Can you see that the behaviors of daily survival -- hunting stealth and killing -- are completely at odds with nesting, incubating, and eyass feeding ones? If I were to toss a young chicken hatchling beneath my falconry red-tail, she would kill and eat it in a second. But on the nest, a sitting adult does not consume the new little eyass. But it's no different from a wondering duckling that has just hatched. The hawk will kill a young duck instantly. Location is everything.
It's interesting to watch how red-tails change -- by instinct -- their behaviors around and on the nest. Other raptors do this too. Within a few hundred meters or so of the nest, red-tails' hunting desires are somehow turned off. By instinct, they are prohibited from killing anything near the nest. This keeps them from grabbing one of their own eyasses for a quick snack. While on the nest, they often fold under their sharp talons so as not to puncture the egg.
We falconers are always astonished to watch a red-tail (or peregrine, or any other raptor) feed their eyasses. It's against their everyday common behaviors, and it's all controlled by sex hormones. In the spring and summer, with expanding day lengths, the birds' aggressive behaviors at the nest are turned off. If a red-tail could think while tending a cute little eyass (she can't), I think she would be asking, "Why am I doing this? This little thing moves around and is really a nice meal. Why can't I just reach out and kill the thing and eat it?"

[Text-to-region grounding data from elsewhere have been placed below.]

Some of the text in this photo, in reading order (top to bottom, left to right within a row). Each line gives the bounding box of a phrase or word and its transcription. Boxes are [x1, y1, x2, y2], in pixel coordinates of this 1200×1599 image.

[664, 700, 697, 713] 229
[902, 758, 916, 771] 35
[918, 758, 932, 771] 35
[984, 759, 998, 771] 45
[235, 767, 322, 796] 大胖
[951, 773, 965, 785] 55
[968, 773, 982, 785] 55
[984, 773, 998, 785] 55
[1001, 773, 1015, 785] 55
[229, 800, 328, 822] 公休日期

She can't because her reproductive hormones have kicked in a whole new set of restrictive behaviors, none of which result from thoughtful decision making or other cerebral activity. The hawk is just going through the motions. Don't even think about killing anything within a few hundred meters of the nest. Don't grab anything that moves. Drop little pieces of meat down the open throat of the bobbing eyass. Sit on it and keep it warm.
In summary, the otherwise "emotional" behaviors or thoughts of the adults are really mechanistic, instinctive behaviors. If there is a round white object there, sit on it and roll it around a few times every day. The 927 pair are still following these hormonally-driven behavioral prompts. Not until they get tired of it, only when it gets very old, will they stop. They are clueless about what they are doing. They are not waiting for the eggs to hatch. They are merely sitting on them because they are programed to do so, period. There is neither joy or lament, just instinctive behaviors that are so contrary to what they do "normally."

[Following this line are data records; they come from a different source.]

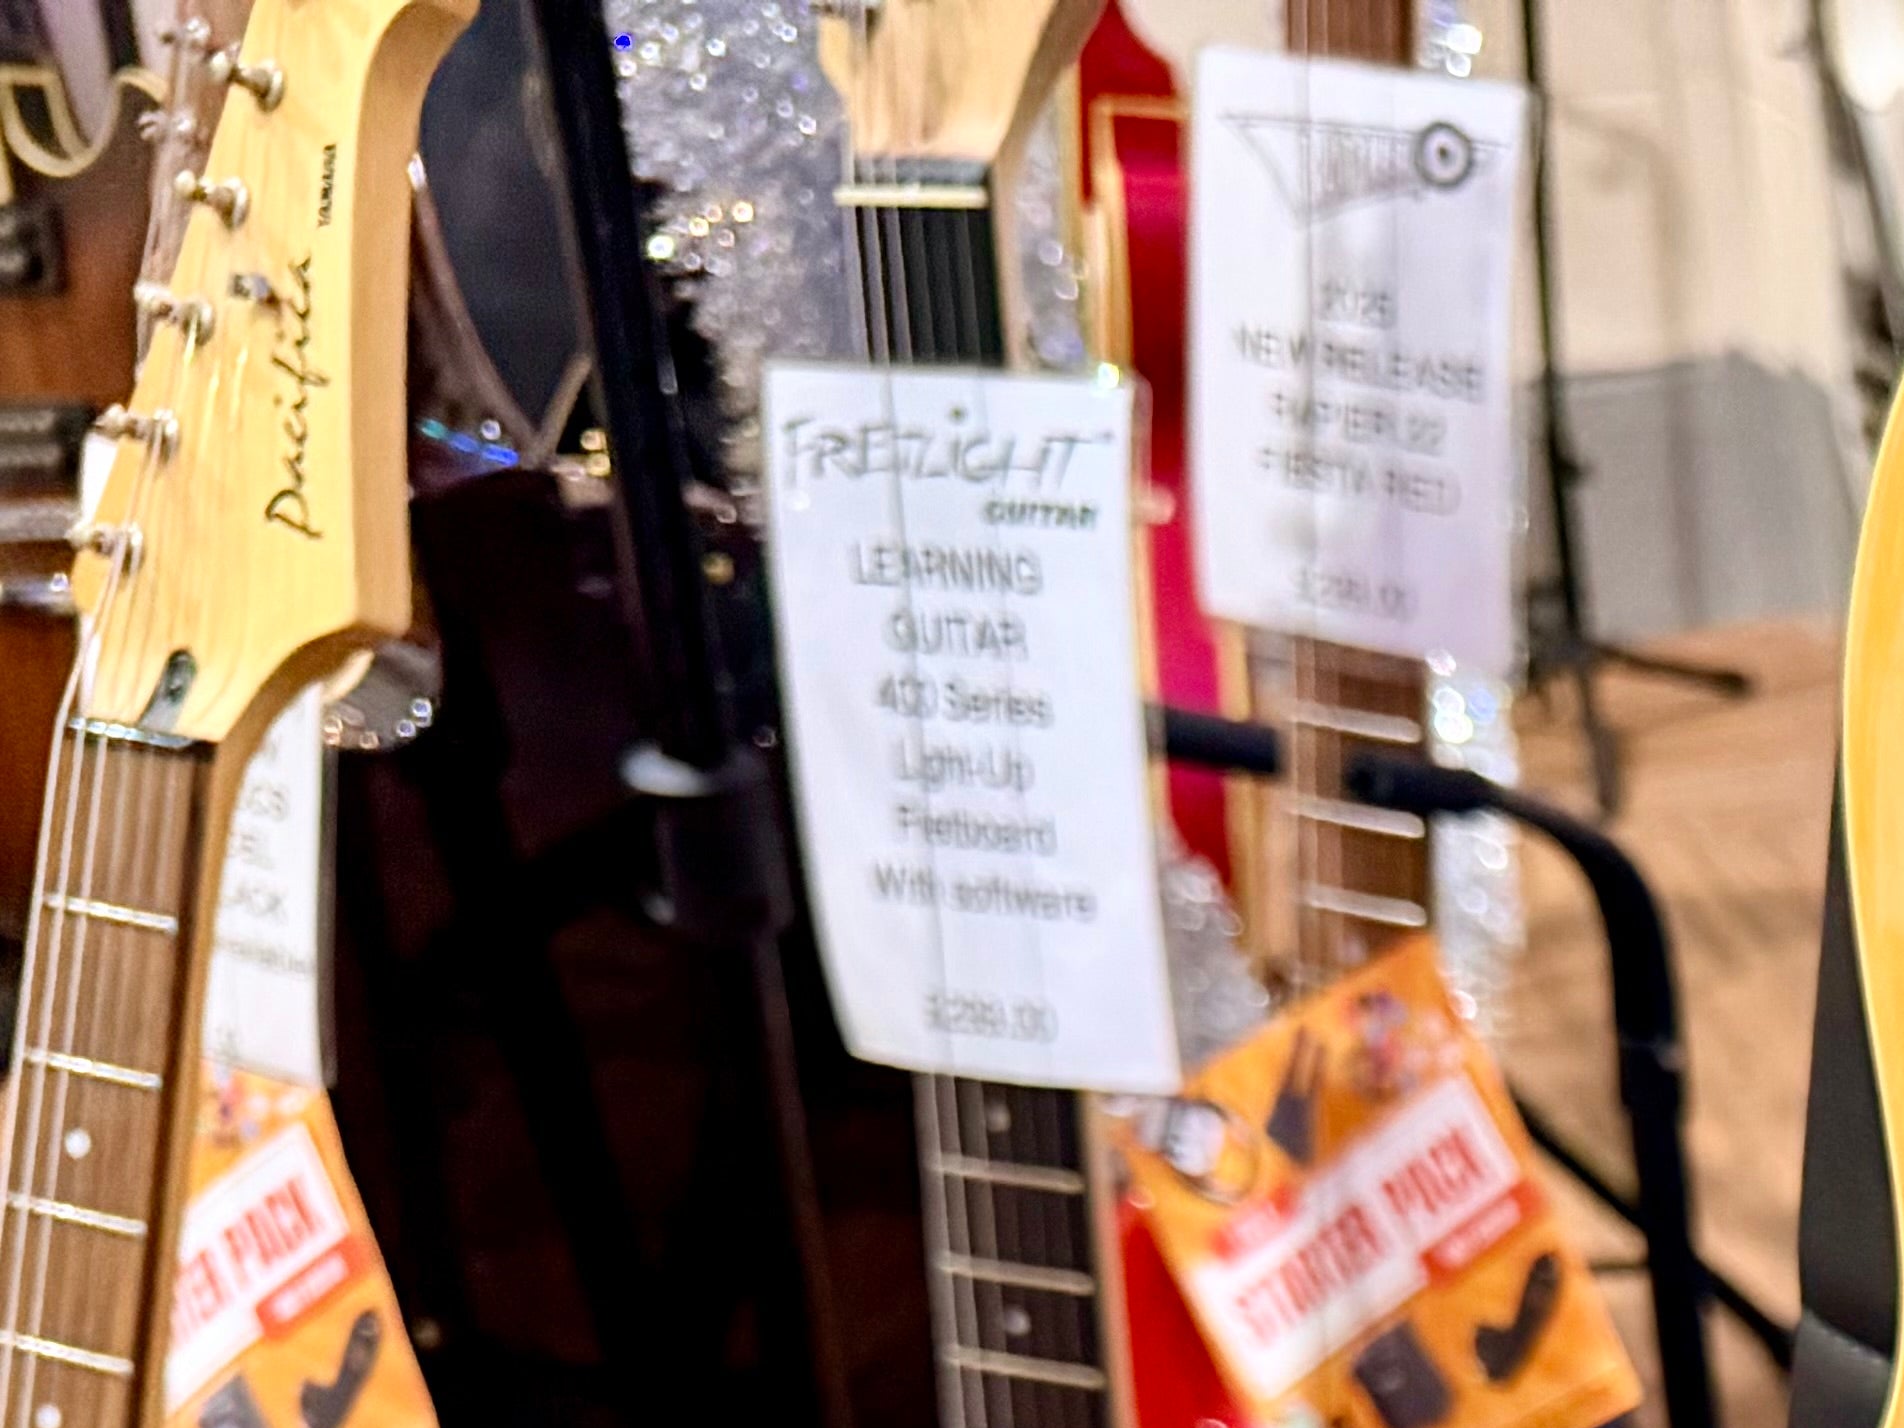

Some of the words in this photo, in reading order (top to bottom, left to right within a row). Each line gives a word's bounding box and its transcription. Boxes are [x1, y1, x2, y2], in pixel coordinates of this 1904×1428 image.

[264, 255, 331, 541] Pacifica
[853, 546, 1044, 596] LEARNING
[881, 610, 1030, 662] GUITAR
[943, 680, 1055, 730] Series
[872, 862, 946, 908] With
[950, 876, 1099, 925] software
[1378, 1127, 1488, 1236] PACK
[222, 1172, 322, 1289] PACK

Normally, red-tails sit around and think about how they can easily capture another animal. Here, they calculate and plot. They learn what hunting methods work and don't work, which is one of the great stories about red-tails in Central Park. No falconer or raptor biologist would have predicted that red-tails could have so successfully inhabited Central Park because the hunting techniques they learn and use in the wild shouldn't (and wouldn't) work in the city. But these birds have thoughtfully learned to successfully hunt and kill, and we therefore get to experience them in the heart of one of the world's great cities.
Red-tails are thoughtful and emotional in hunting and killing -- in daily life. They are not so in nesting. To be successful nesters, they must turn off their normal emotions and go into a behaviorally restrained, leave-it-live mode of life. It's the lack of "emotion" that allows the species to breed each year.